- Task item -
An exact copy of every entry is needed, without the pictures.
Information supplied: Begin
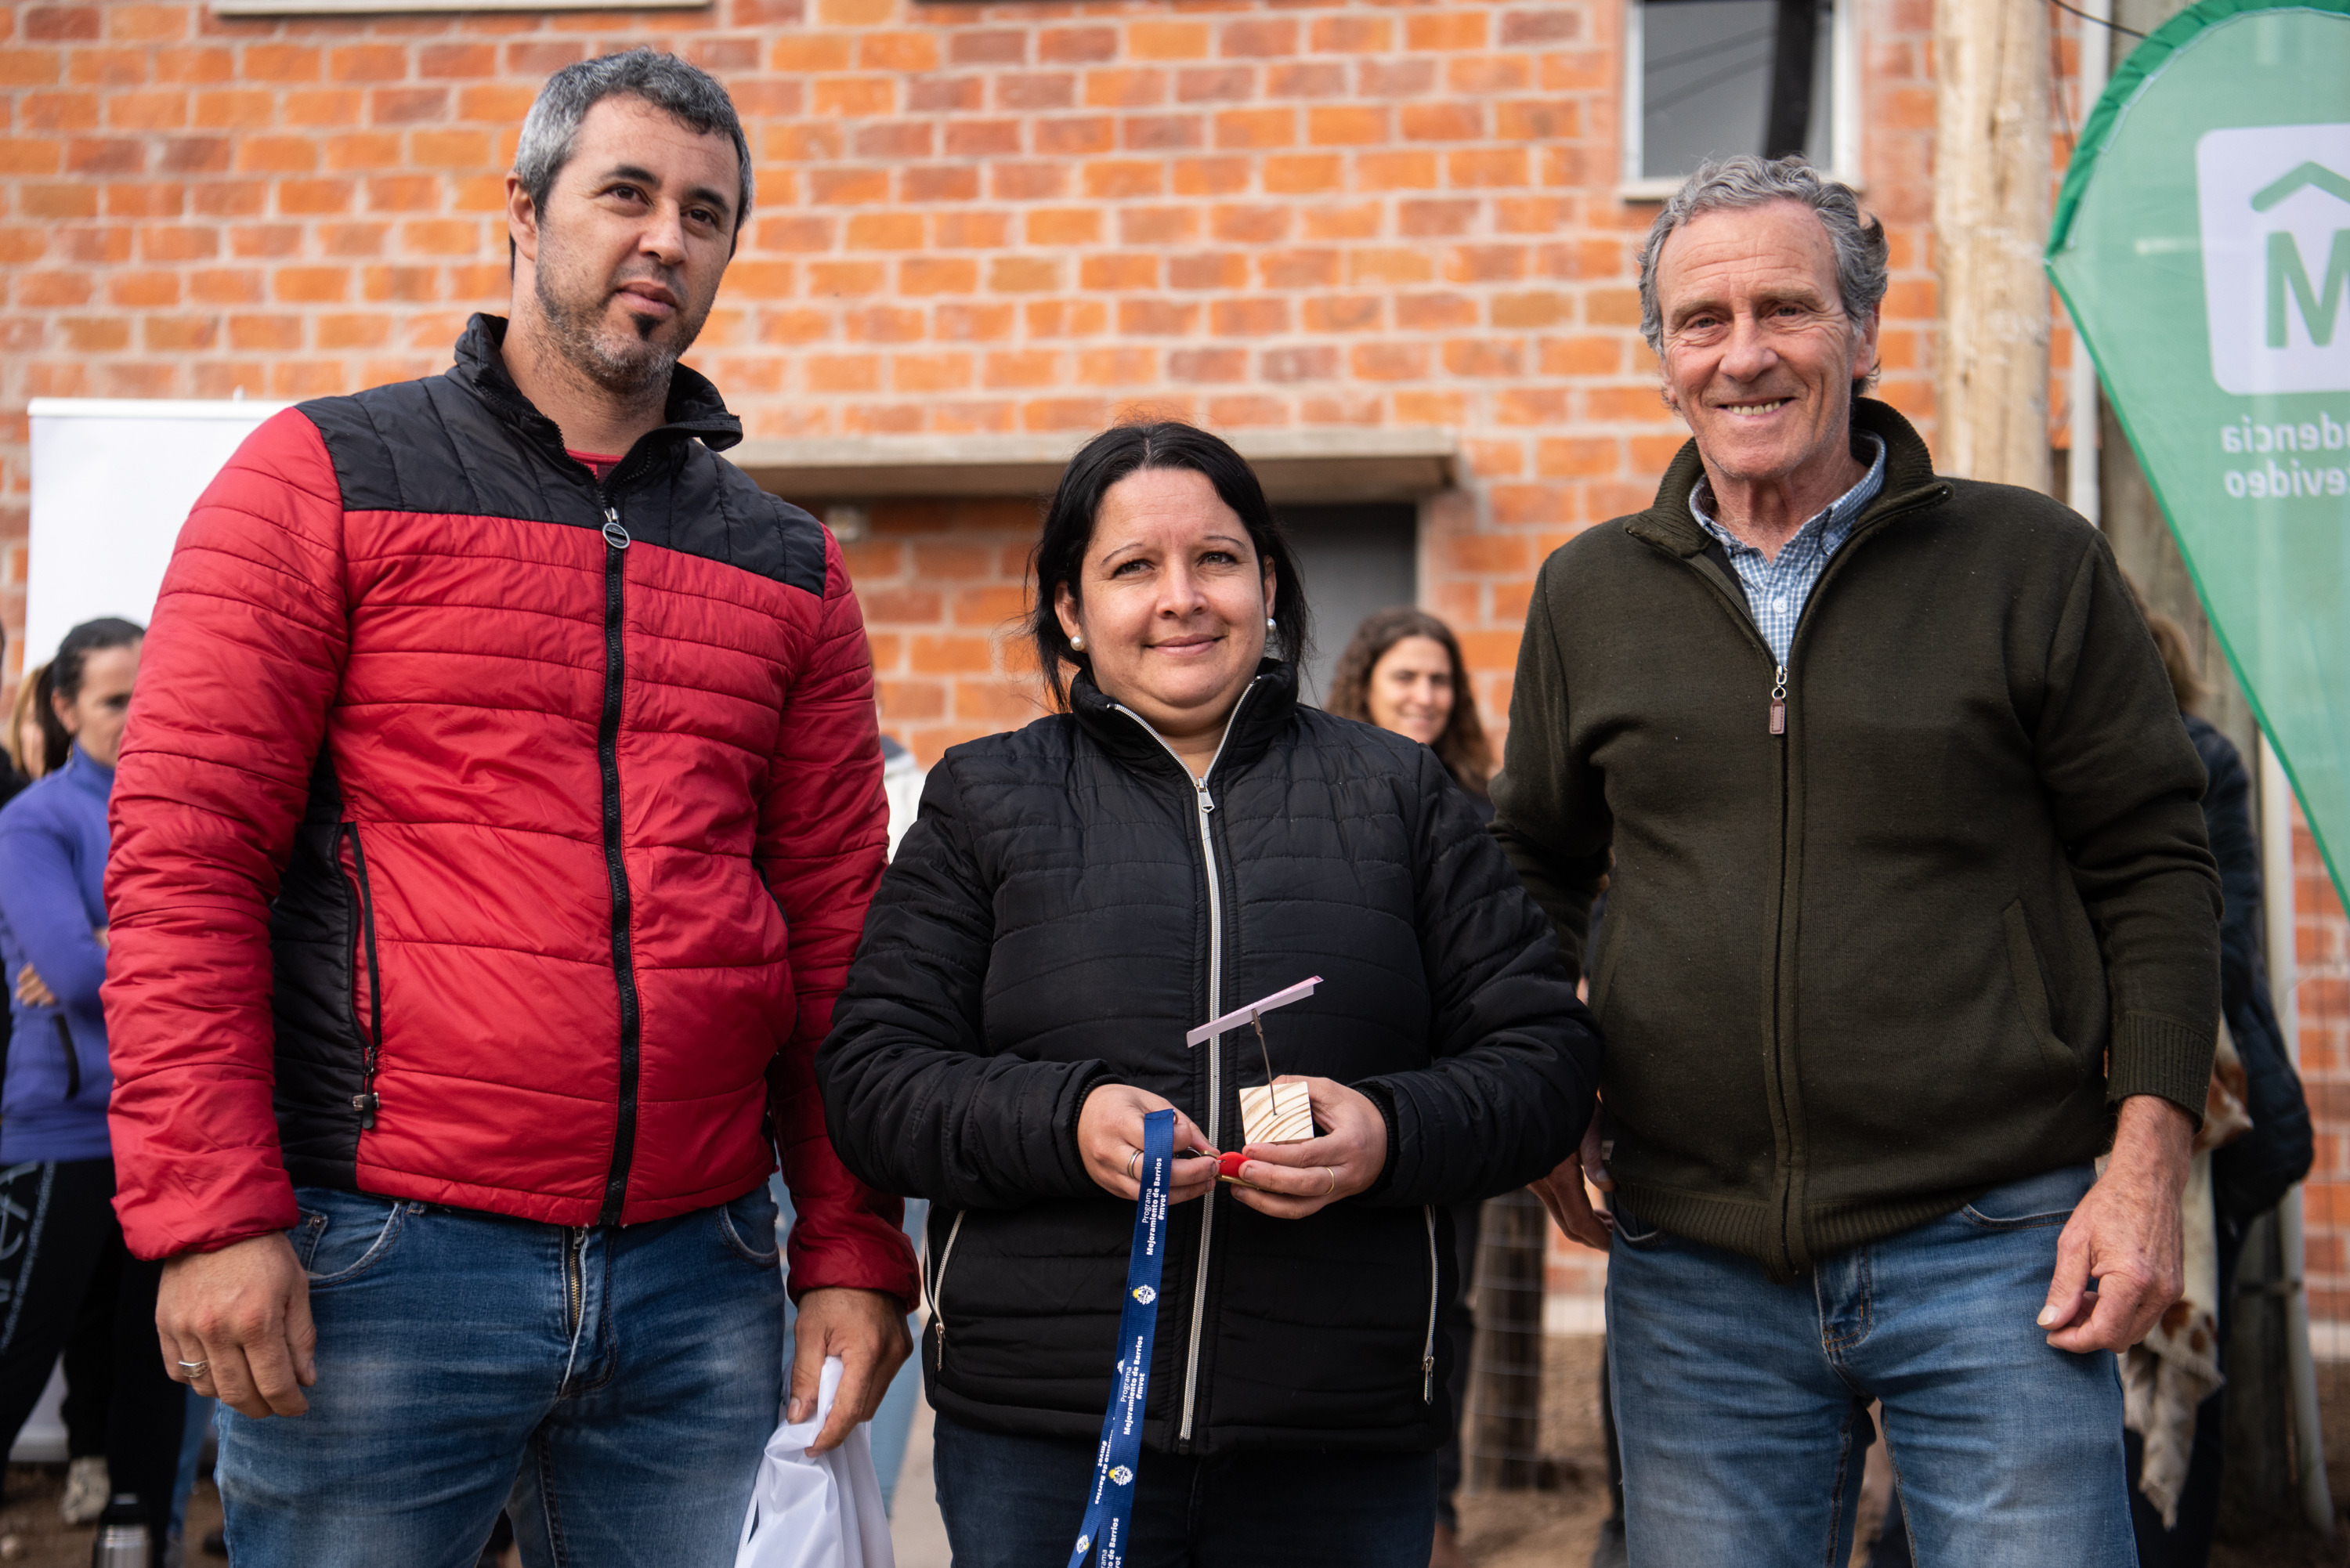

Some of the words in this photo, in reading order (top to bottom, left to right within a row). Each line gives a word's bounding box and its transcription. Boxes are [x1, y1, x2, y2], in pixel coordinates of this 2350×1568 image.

[1153, 1158, 1162, 1187] Barrios
[1141, 1188, 1152, 1223] Programa
[1152, 1187, 1160, 1198] de
[1157, 1194, 1166, 1220] #mvot
[1146, 1199, 1159, 1255] Mejoramiento
[1133, 1335, 1144, 1365] Barrios
[1120, 1367, 1132, 1403] Programa
[1132, 1366, 1139, 1377] de
[1135, 1372, 1145, 1400] #mvot
[1123, 1378, 1137, 1436] Mejoramiento
[1097, 1440, 1108, 1467] #mvot
[1101, 1464, 1108, 1474] de
[1094, 1475, 1106, 1505] Barrios
[1108, 1517, 1119, 1548] Barrios
[1108, 1549, 1115, 1560] de
Information supplied: End
- Response -
Some of the words in this photo, in reading order (top to bottom, left to right within a row). Each line gives a word's bounding box and its transcription. Boxes are [x1, y1, x2, y2], in pixel coordinates of this 2350×1568 image.

[1153, 1158, 1162, 1187] Barrios
[1141, 1188, 1152, 1223] Programa
[1152, 1187, 1160, 1198] de
[1157, 1194, 1166, 1220] #mvot
[1146, 1199, 1159, 1255] Mejoramiento
[1133, 1335, 1144, 1365] Barrios
[1120, 1367, 1132, 1403] Programa
[1132, 1366, 1139, 1377] de
[1135, 1372, 1145, 1400] #mvot
[1123, 1378, 1137, 1436] Mejoramiento
[1097, 1440, 1108, 1467] #mvot
[1101, 1464, 1108, 1474] de
[1094, 1475, 1106, 1505] Barrios
[1108, 1517, 1119, 1548] Barrios
[1108, 1549, 1115, 1560] de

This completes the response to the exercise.